▶ _Problem requirements_
Make an exact copy of the records, dropping all pictures.

▶ _Data extract_
# # # # # # #

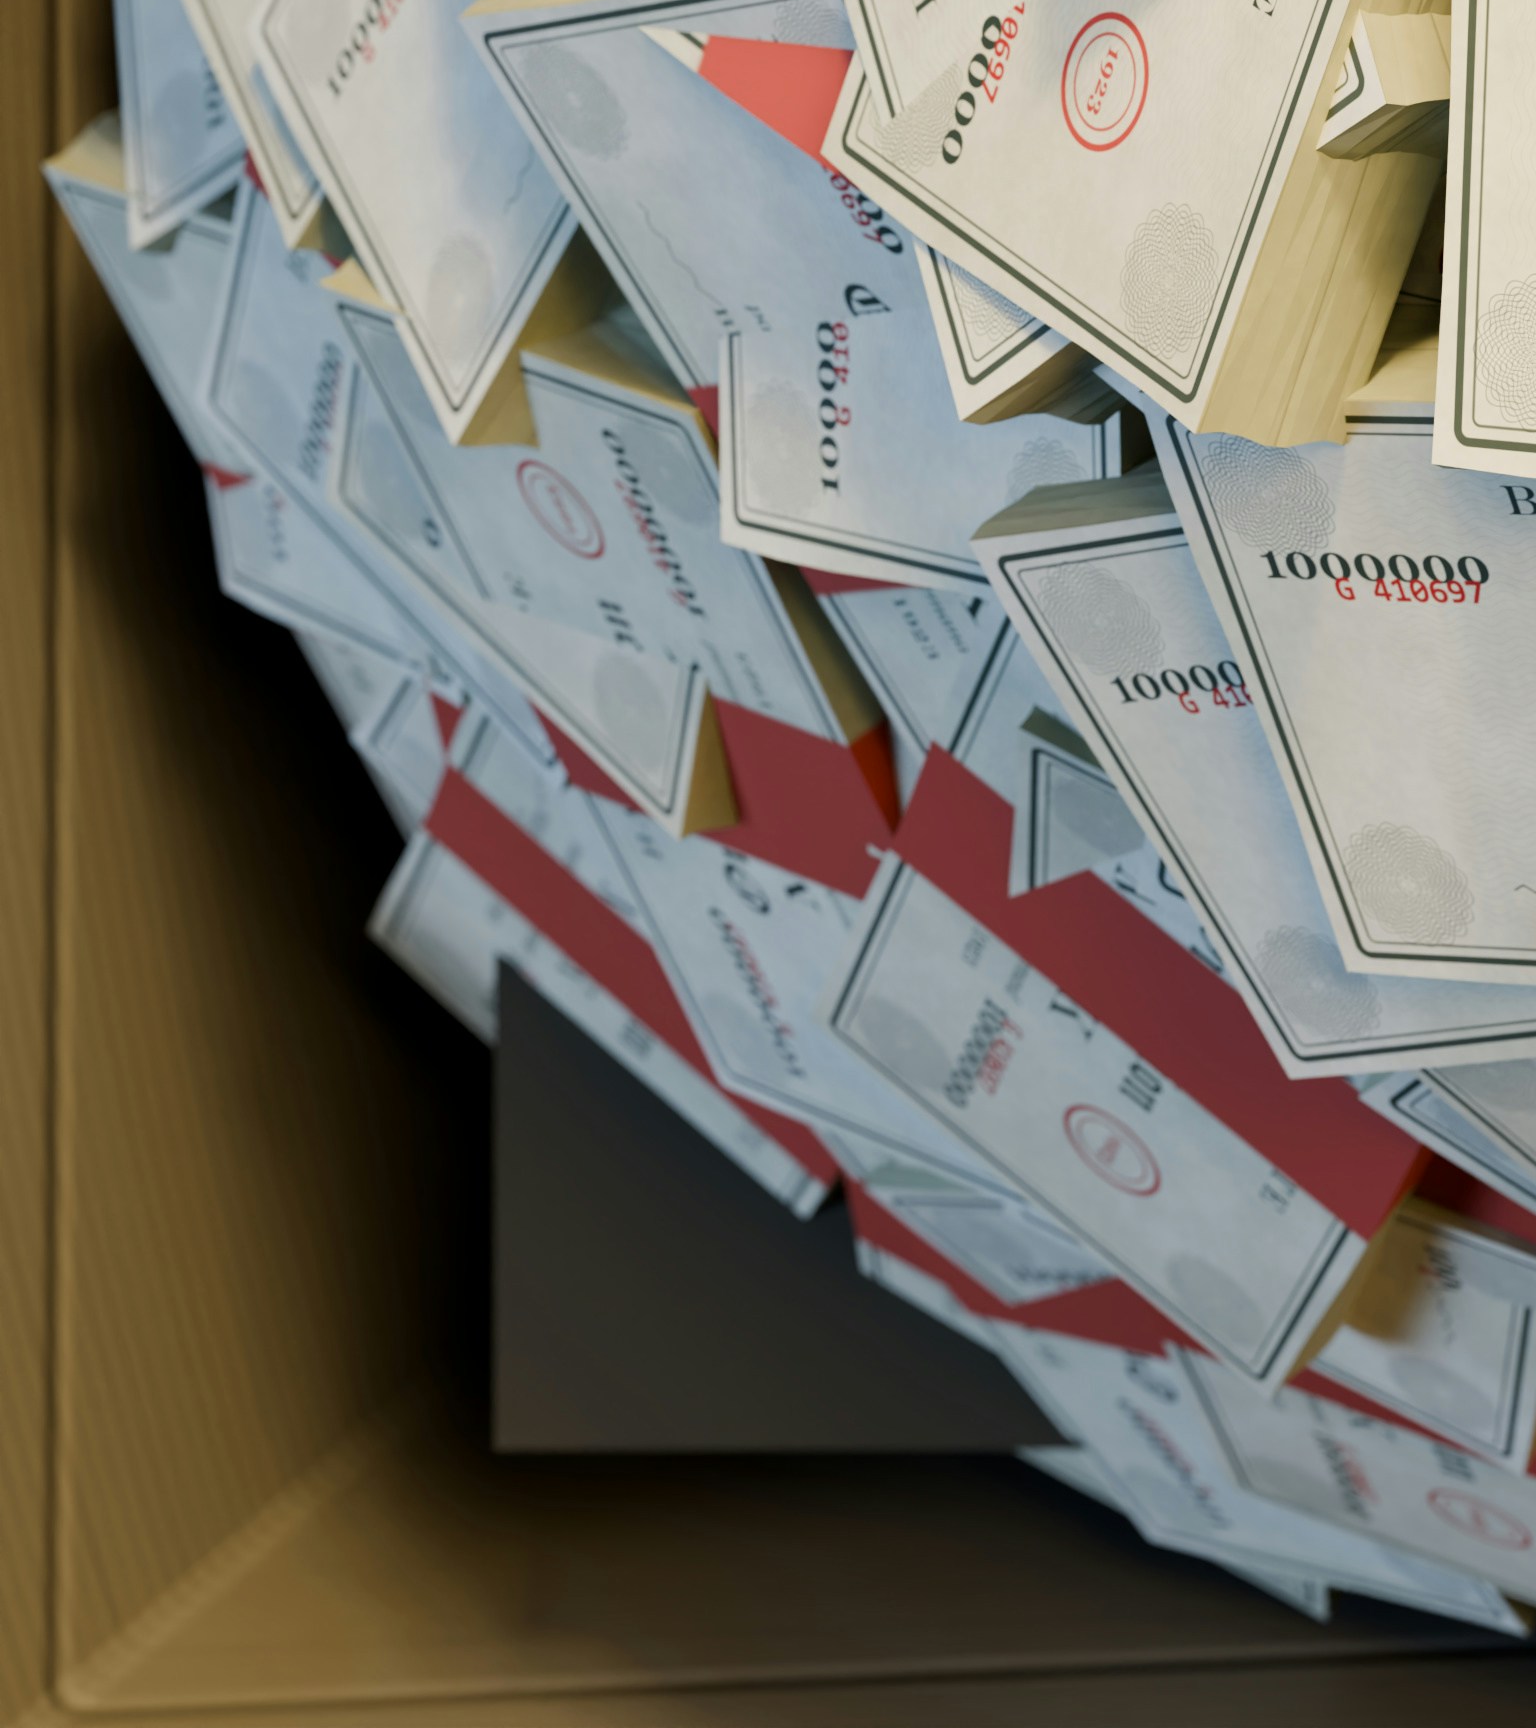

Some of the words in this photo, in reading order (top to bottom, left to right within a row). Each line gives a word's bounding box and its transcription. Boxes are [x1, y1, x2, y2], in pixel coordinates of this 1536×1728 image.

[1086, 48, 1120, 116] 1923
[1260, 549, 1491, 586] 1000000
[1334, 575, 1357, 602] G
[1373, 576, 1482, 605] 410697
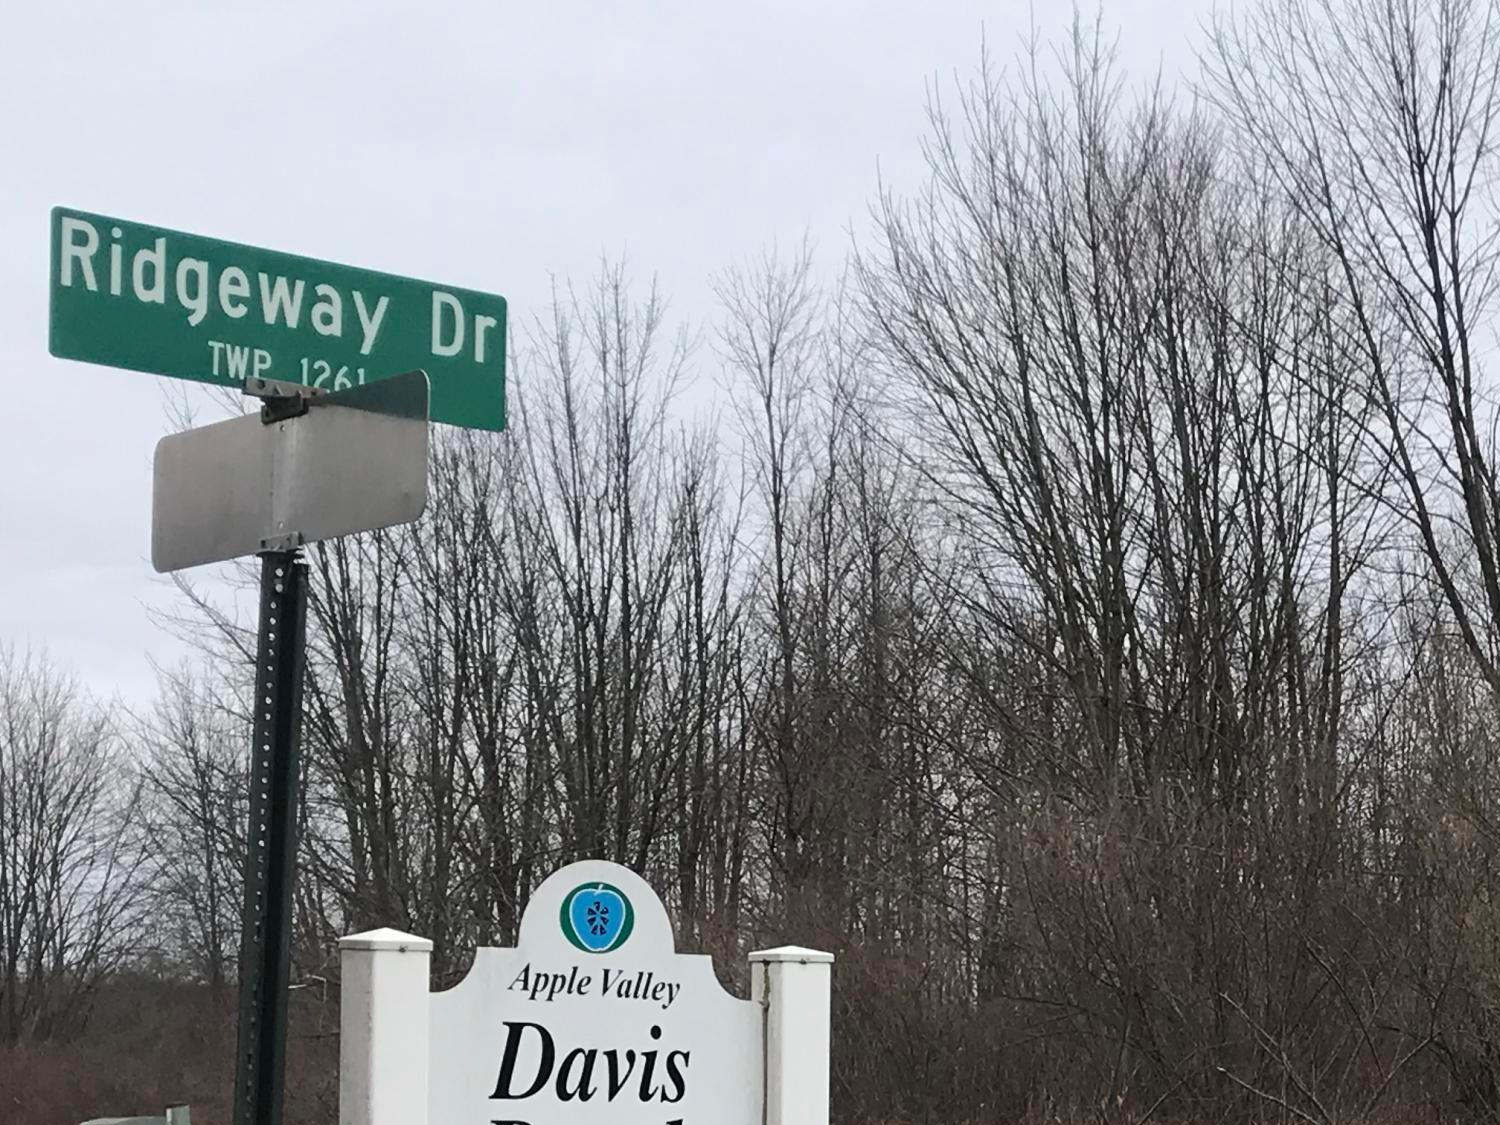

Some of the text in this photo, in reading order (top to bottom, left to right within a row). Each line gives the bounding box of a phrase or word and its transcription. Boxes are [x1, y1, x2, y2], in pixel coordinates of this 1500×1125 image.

# # # # # # #

▶ _Task answer_
Some of the words in this photo, in reading order (top to bottom, left to right within a row). Each line gives a word's bounding box and its transcription. Boxes are [x1, y1, x2, y2], in pixel coordinates of this 1536×1728 image.

[1086, 48, 1120, 116] 1923
[1260, 549, 1491, 586] 1000000
[1334, 575, 1357, 602] G
[1373, 576, 1482, 605] 410697

Some of the text in this photo, in reading order (top to bottom, left to right within a row). Each line gives the bounding box of a phrase or word and its transcription. Boxes are [x1, y1, x2, y2], in pixel coordinates of this 1500×1125 image.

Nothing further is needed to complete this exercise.